▸ **About this task**
Print the entries exactly; no image belongs in the copy.

Start of Available data

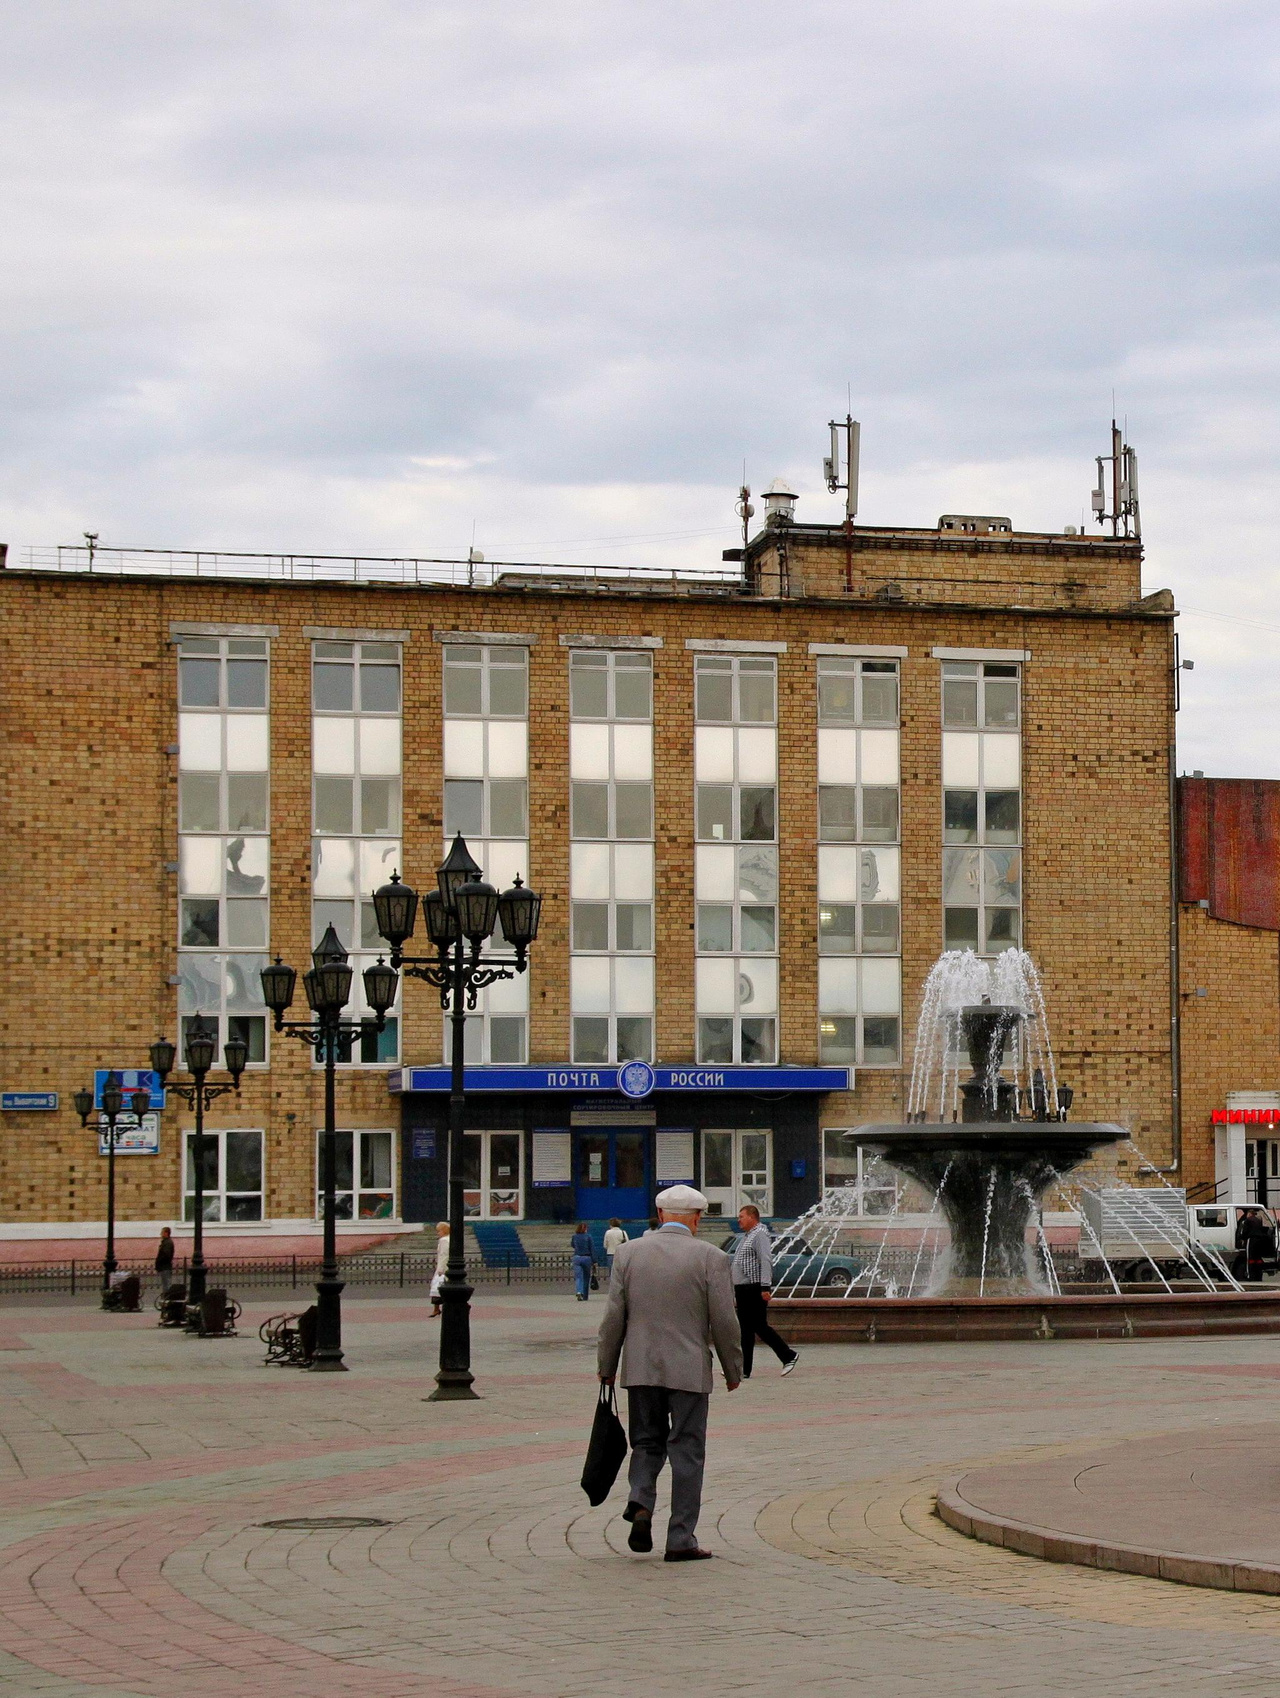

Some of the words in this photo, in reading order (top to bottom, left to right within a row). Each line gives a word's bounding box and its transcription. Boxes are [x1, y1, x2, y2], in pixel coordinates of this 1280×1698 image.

[547, 1072, 600, 1087] ПОЧТА
[670, 1072, 724, 1087] РОССИИ
[48, 1094, 56, 1107] 9
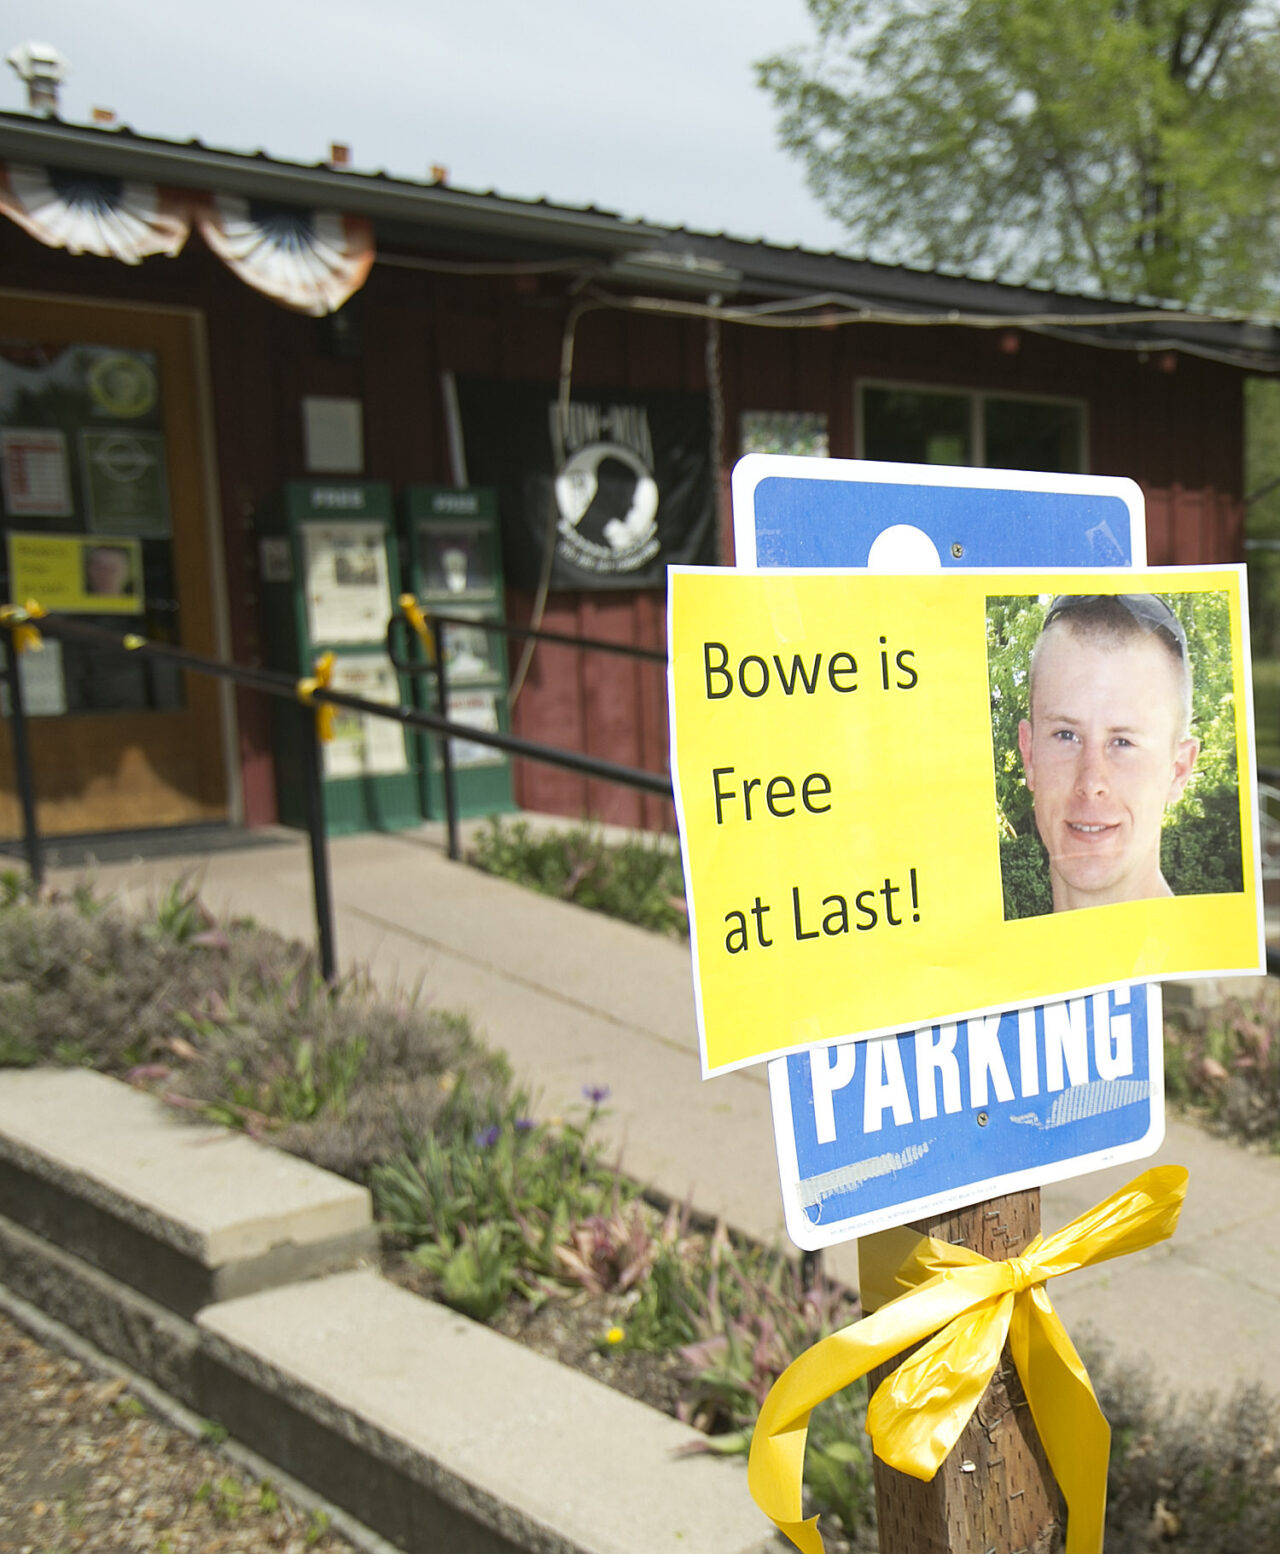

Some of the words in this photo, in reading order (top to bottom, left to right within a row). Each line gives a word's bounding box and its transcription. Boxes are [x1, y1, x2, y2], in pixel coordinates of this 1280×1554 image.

[703, 642, 858, 699] Bowe
[880, 636, 919, 690] is
[712, 764, 832, 824] Free
[724, 896, 772, 952] at
[792, 868, 921, 942] Last!
[811, 988, 1134, 1145] PARKING

End of Available data

▸ **Answer for the task**
Some of the words in this photo, in reading order (top to bottom, left to right within a row). Each line gives a word's bounding box and its transcription. Boxes are [x1, y1, x2, y2], in pixel coordinates of this 1280×1698 image.

[547, 1072, 600, 1087] ПОЧТА
[670, 1072, 724, 1087] РОССИИ
[48, 1094, 56, 1107] 9

Some of the words in this photo, in reading order (top to bottom, left to right within a row). Each line gives a word's bounding box and its transcription. Boxes are [x1, y1, x2, y2], in pixel coordinates of this 1280×1554 image.

[703, 642, 858, 699] Bowe
[880, 636, 919, 690] is
[712, 764, 832, 824] Free
[724, 896, 772, 952] at
[792, 868, 921, 942] Last!
[811, 988, 1134, 1145] PARKING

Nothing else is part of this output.